Quand je regarde un film à la télé, je préfère qu’il se termine bien, que justice soit faite, que les bons gagnent et les méchants punis. Dans les feuilletons d’antan comme Zorro, on sait d’avance qu’il va triompher. Les histoires pour enfant ont elles aussi une bonne conclusion et dans les contes de mille et une nuits c’est pareil.

Nous sommes arrivés à la fin du premier acte du récit d’Esther où la petite orpheline juive a été élevée au rang d’impératrice. Tout se passe plutôt bien ou presque. En effet, l’envers du décor est qu’elle est maintenant la possession d’un homme capricieux et dominé par ses passions. Or ce despote, au gré de ses humeurs, risque de reléguer Esther dans son harem au même titre que ses nombreuses autres épouses de second rang. Ce n’est pas tout, car dans le lointain, de noirs nuages, tels des oiseaux de malheur, commencent déjà à se rassembler.

Verset 18

Je continue à lire dans le chapitre 2 du livre d’Esther.

En son honneur, l’empereur organisa un grand banquet pour tous ses ministres et ses hauts fonctionnaires. Ce fut le “ banquet d’Esther ”. Il accorda du repos aux provinces et distribua des cadeaux avec une générosité impériale (Esther 2.18).

Cette charmante histoire a commencé par un banquet qui a mal tourné pour la reine Vasthi puisque à cette occasion, elle fut répudiée. Voici donc un autre festin en l’honneur d’Esther.

Dans la continuation apocryphe du livre d’Esther (14.15 ss. version Septante), Esther parle ainsi : « Vous savez qu’aux jours où je parais dans la magnificence et dans l’éclat, j’ai en abomination la marque superbe de ma gloire, que je porte sur ma tête, et que je la déteste comme un linge souillé. Je ne la porte point aux jours où je ne suis point obligée de paraître. » Ce diadème est un bandeau orné d’or et de diamants.

La tradition des rois perses veut que pour des occasions spéciales, comme l’acquisition d’une nouvelle reine, ils proclament dans leurs provinces un allègement d’impôts, une exemption des corvées et quartier libre dans les casernes.

Verset 19

Je continue.

Il y eut un second ramassage de jeunes filles. Or Mardochée était assis à la porte du palais impérial (Esther 2.19).

Ce ramassage fait penser à une rafle par les Allemands durant la Seconde Guerre mondiale. Mais il s’agit simplement d’un renouvellement du harem du roi, rien de plus. Apparemment, il a un gros appétit sexuel. Quant à Mardochée, il assume ses fonctions aux portes du palais, qu’il ne faut pas confondre avec les portes de Suze, la capitale impériale.

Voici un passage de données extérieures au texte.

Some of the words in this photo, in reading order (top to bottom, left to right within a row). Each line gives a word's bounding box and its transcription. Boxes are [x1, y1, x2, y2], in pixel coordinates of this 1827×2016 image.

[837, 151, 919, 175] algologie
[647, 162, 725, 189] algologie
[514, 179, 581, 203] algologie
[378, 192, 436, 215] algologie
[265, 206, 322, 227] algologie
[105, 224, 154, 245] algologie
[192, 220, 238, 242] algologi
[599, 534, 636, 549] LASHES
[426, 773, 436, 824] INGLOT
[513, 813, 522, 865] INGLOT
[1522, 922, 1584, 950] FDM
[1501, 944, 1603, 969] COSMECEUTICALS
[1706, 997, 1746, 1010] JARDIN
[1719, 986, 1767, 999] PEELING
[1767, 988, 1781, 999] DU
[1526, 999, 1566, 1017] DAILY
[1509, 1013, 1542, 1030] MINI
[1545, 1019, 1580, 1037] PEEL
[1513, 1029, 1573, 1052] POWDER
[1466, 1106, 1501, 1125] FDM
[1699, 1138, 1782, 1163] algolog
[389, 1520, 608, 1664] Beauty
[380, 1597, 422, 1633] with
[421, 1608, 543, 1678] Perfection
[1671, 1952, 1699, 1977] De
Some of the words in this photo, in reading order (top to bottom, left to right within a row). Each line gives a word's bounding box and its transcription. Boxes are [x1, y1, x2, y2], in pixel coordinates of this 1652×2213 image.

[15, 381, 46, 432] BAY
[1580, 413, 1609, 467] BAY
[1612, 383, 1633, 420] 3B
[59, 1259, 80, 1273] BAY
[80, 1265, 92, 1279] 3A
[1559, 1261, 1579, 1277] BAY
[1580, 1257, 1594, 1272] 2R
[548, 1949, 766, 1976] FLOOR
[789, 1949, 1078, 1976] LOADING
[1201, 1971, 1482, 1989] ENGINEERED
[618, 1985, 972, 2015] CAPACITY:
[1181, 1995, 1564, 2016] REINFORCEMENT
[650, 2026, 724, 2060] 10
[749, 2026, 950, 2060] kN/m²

Dans les villes antiques, le tribunal est composé des anciens de la cité et siège sur la place à l’entrée principale. Tôt ou tard, tous les habitants doivent passer par là et c’est à ce moment-là que les juges mettent la main au collet de ceux qui ont des comptes à rendre à la justice. C’est aussi à cet endroit que se font toutes les opérations légales comme la transmission d’héritage par exemple.

La position exacte de Mardochée ne nous est pas donnée, mais comme je l’ai déjà dit, il semble qu’il est portier et contrôle donc les allées et venues au palais. La suite montre que cette place lui permet de communiquer avec Esther, de connaître ceux qui fréquentent le palais et même ce qui s’y complote.

Verset 20

Je continue.

Esther avait tenu secrète son origine familiale et sa nationalité, comme le lui avait ordonné Mardochée. Elle continuait à se conformer à ses instructions comme au temps où elle était encore sous sa tutelle (Esther 2.20).

Mardochée a ordonné à Esther de ne pas révéler son identité juive, un silence qu’elle observe scrupuleusement. On découvre aussi qu’il ne cherche pas à exploiter à son profit la position d’Esther car touts ignorent qu’elle est sa cousine et sa fille adoptive. Tous deux occupent des positions clés à l’intérieur du palais ce qui va s’avérer fort utile par la suite.

Verset 21

Je continue.

À cette époque, alors que Mardochée exerçait donc des fonctions au palais impérial, deux eunuques de l’empereur, Bigtân et Térech, qui faisaient partie de la garde postée à l’entrée du palais, furent exaspérés par l’empereur Xerxès et cherchèrent à l’assassiner (Esther 2.21).

Que l’empereur soit agaçant, cela ne fait aucun doute, mais il doit vraiment être imbuvable pour susciter une telle haine. Ces deux hommes étant des gardes, ils sont armés et peuvent s’approcher du roi sans attirer l’attention.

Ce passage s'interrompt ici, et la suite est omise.